* [DATASET]
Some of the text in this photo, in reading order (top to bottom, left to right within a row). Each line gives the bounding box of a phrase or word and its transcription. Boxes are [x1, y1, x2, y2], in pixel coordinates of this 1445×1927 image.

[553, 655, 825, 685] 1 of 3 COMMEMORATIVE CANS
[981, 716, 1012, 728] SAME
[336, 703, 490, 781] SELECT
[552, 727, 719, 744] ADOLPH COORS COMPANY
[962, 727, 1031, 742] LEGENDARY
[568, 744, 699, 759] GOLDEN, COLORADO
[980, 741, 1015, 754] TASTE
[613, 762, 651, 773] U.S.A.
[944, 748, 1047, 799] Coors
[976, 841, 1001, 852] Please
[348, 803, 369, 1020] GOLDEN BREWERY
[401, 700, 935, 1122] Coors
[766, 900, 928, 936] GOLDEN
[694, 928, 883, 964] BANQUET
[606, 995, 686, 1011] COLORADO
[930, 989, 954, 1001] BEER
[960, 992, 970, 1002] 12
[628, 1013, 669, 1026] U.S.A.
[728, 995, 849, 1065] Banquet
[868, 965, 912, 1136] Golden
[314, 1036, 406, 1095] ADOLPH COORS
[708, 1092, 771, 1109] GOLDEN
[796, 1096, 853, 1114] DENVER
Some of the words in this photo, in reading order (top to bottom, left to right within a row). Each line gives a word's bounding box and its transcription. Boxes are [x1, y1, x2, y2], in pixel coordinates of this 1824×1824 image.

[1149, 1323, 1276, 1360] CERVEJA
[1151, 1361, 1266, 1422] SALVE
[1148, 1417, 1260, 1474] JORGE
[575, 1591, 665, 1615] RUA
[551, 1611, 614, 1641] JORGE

* [REQUIRED ACTION] Output all of the records exactly, with nothing omitted.

* [EXERCISE ANSWER]
Some of the text in this photo, in reading order (top to bottom, left to right within a row). Each line gives the bounding box of a phrase or word and its transcription. Boxes are [x1, y1, x2, y2], in pixel coordinates of this 1445×1927 image.

[553, 655, 825, 685] 1 of 3 COMMEMORATIVE CANS
[981, 716, 1012, 728] SAME
[336, 703, 490, 781] SELECT
[552, 727, 719, 744] ADOLPH COORS COMPANY
[962, 727, 1031, 742] LEGENDARY
[568, 744, 699, 759] GOLDEN, COLORADO
[980, 741, 1015, 754] TASTE
[613, 762, 651, 773] U.S.A.
[944, 748, 1047, 799] Coors
[976, 841, 1001, 852] Please
[348, 803, 369, 1020] GOLDEN BREWERY
[401, 700, 935, 1122] Coors
[766, 900, 928, 936] GOLDEN
[694, 928, 883, 964] BANQUET
[606, 995, 686, 1011] COLORADO
[930, 989, 954, 1001] BEER
[960, 992, 970, 1002] 12
[628, 1013, 669, 1026] U.S.A.
[728, 995, 849, 1065] Banquet
[868, 965, 912, 1136] Golden
[314, 1036, 406, 1095] ADOLPH COORS
[708, 1092, 771, 1109] GOLDEN
[796, 1096, 853, 1114] DENVER
Some of the words in this photo, in reading order (top to bottom, left to right within a row). Each line gives a word's bounding box and its transcription. Boxes are [x1, y1, x2, y2], in pixel coordinates of this 1824×1824 image.

[1149, 1323, 1276, 1360] CERVEJA
[1151, 1361, 1266, 1422] SALVE
[1148, 1417, 1260, 1474] JORGE
[575, 1591, 665, 1615] RUA
[551, 1611, 614, 1641] JORGE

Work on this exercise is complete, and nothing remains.